赤身の旨さが、阿蘇の風土を映す
熊本県大津町は、阿蘇の北麓に位置する町だ。火山灰が積もった土地で、古くから畜産が営まれてきた。その中でも、この町を代表する牛が「あか牛」—褐毛和種である。
黒毛和牛とは異なる、赤褐色の毛並みを持つあか牛は、粗飼料をよく食べ、赤身に旨味が詰まる牛として知られている。脂肪が少なく、肉そのものの味わいが前に出る。それは、阿蘇の草地で育つ牛だからこそ。
あか牛のロースステーキは、その赤身の良さを最も素直に引き出す部位だ。リブまたはサーロインから選べるこの返礼品は、250g×2枚という、家族の食卓にちょうど良い量。冷凍で届き、解凍して焼くだけで、赤身の旨さが立ち上る。

焼き方は単純に。塩をふって、熱したフライパンやグリルで、表面に焼き色がつく程度。赤身の牛肉は、焼きすぎると硬くなる。中火で短時間、肉の中心がほのかに温かい程度で切り上げるのが、この牛の食べ方だ。切ると、赤い肉汁が滲む。それを白いご飯に落とし、肉を乗せて食べる。あるいは、大根おろしと醤油で、シンプルに。
選択肢のある返礼品たち
この町の返礼品には、選べる自由度が組み込まれている。くまもと黒毛和牛の特上スライスは、ウデかモモを選び、さらに量(500g、1000g、1500g、2000g)を決められる。すき焼きや鍋に向く薄切りで、家族の人数や食べ方に合わせて量を調整できるのは、実用的だ。

あか牛の赤身クラシタも、400g、800g、1200gから選べる。クラシタ(肩ロース)は、すき焼きやしゃぶしゃぶに向く部位で、赤身の旨さを活かしながら、加熱による変化も楽しめる。
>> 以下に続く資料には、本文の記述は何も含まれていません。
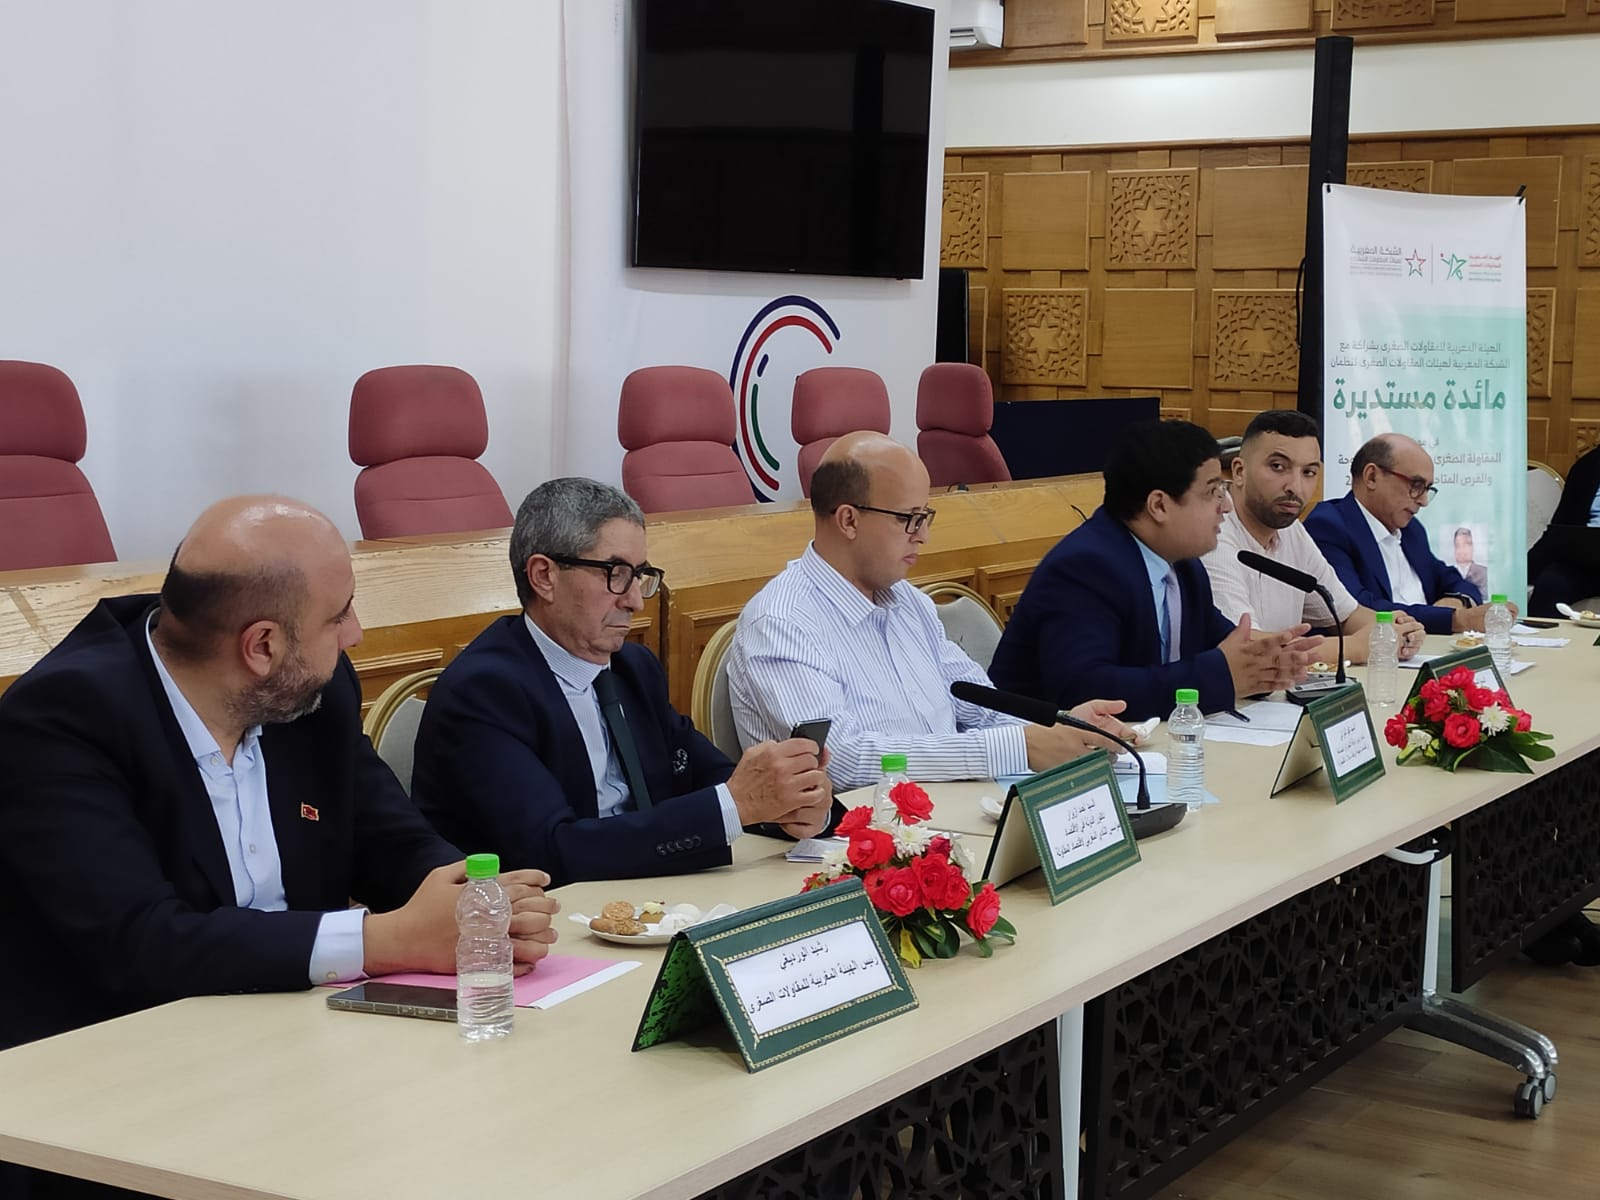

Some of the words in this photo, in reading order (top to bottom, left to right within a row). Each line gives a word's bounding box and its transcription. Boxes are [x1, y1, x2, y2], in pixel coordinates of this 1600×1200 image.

ひのひかりの無洗米も、5kg、10kg、20kgから選べる。大津町産のこの米は、あか牛の焼き肉の相棒として、毎日の食卓に欠かせない。無洗米なら、研ぐ手間も省ける。
返礼品を選ぶ、という行為
ふるさと納税の返礼品を選ぶことは、その町の食べ方を選ぶことでもある。大津町の場合、それは「赤身の牛肉を、シンプルに食べる」という選択肢だ。派手な加工品ではなく、素材そのものの旨さを信じる食べ方。阿蘇の風土が育てた牛の、赤身の旨さを、家の食卓に迎え入れることになる。